Q&A: Institutional Opportunities in Legal Cannabis
By: SumZero Staff | Published: July 09, 2018 | Be the First to Comment
Fresh off Canada's landmark, June 19th decision to legalize marijuana, we share an exclusive look at institutional cannabis opportunities through the lens of three funds listed on the SumZero Cap Intro platform. Each firm is active in the space in different capacities, and each approaches the complex subject from a unique perspective.
We asked these three funds to offer insights on their investment strategy in a burgeoning sector as well as the competitive landscape, technological innovations, and political headwinds shaping the legal cannabis industry.

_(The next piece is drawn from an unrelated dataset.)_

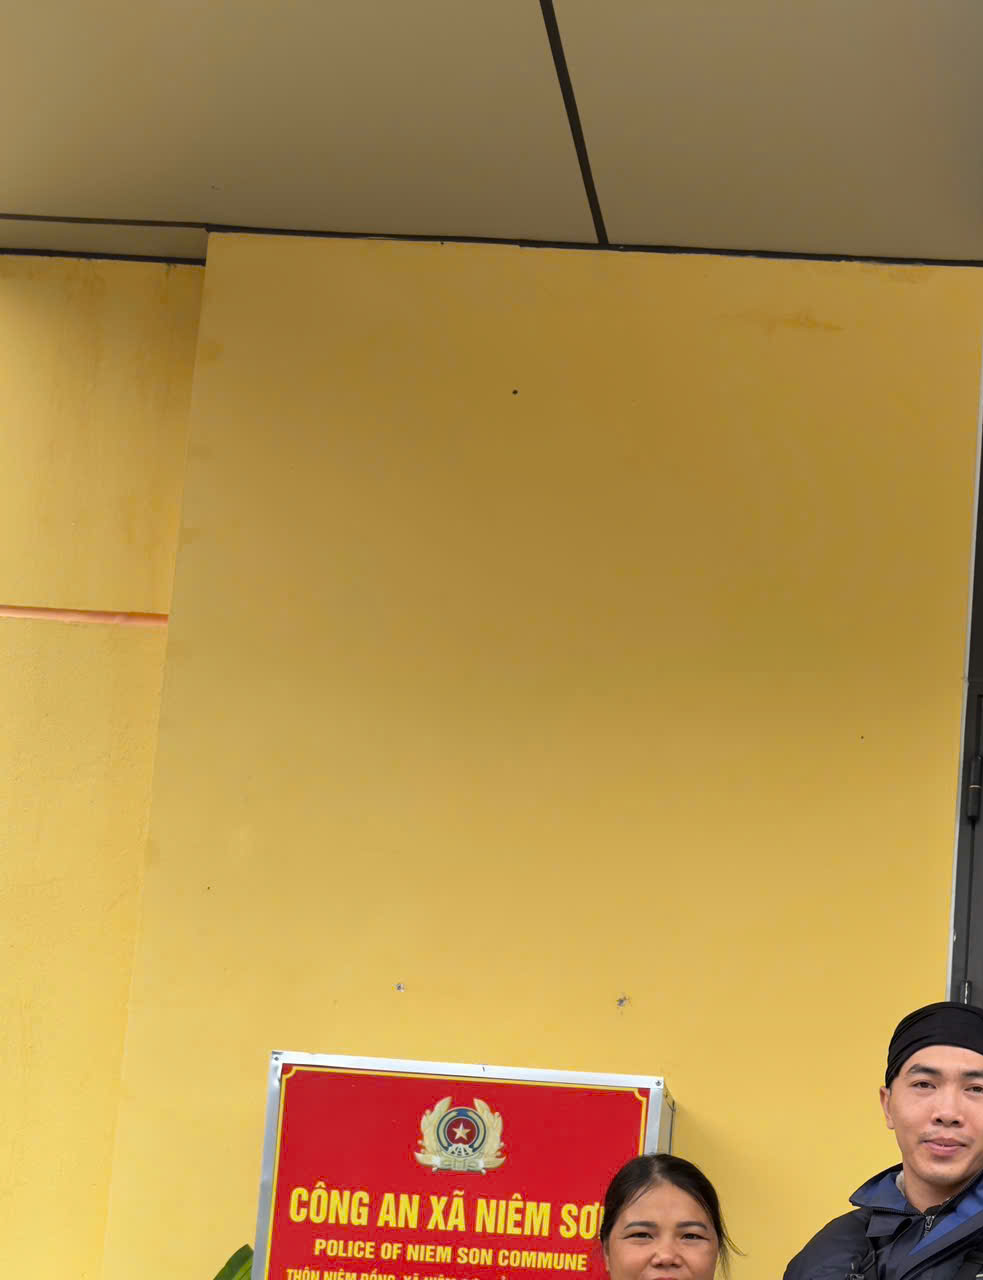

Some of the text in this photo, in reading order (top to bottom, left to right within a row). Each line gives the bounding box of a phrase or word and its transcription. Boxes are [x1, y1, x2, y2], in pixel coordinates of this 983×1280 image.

[289, 1181, 605, 1240] CÔNG AN XÃ NIÊM SƠ
[314, 1239, 588, 1271] POLICE OF NIEM SON COMMUNE

Professionals from GTV Capital, Silver Swan Capital, and Panterra Global participated in this topical Q&A, which is now available for open access. To quote from the interview:
"Canadian legalization will make cannabis more prevalent [in the US]. More US cannabis companies will become publicly-traded in Canada and therefore will place more focus on the oddity of the US federal stance on cannabis. So, I think there is a reasonable chance that in the next year or two, [US] federal legislation is approved which allows cannabis to be decided at the state level."This underscores the main conundrum for a US cannabis play. The first question we ask is “what happens if cannabis is fully federally legal”? I think the strategy of targeting a license scarce state (e.g. “we have 1 of 10 licenses in New York state and 20 million people X 20% users X 10% share X $1,000 per customer X 30% EBITDA margin X 8x EBITDA multiple means our New York license is worth $1 billion”) is going to fade quickly. The view that cannabis will be regulated forever like scarce gaming licenses is hard to support.
If federal legalization occurs, it will be very difficult to restrict inter-state commerce. Think of spirits—Jack Daniels is still made in Tennessee but it finds itself in stores in New York, Los Angeles and Chicago. To take that analogy one step further, Grey Goose is produced in France, and even with high import duties, it still is a category leader throughout the US without being American-made, let alone New York-made..."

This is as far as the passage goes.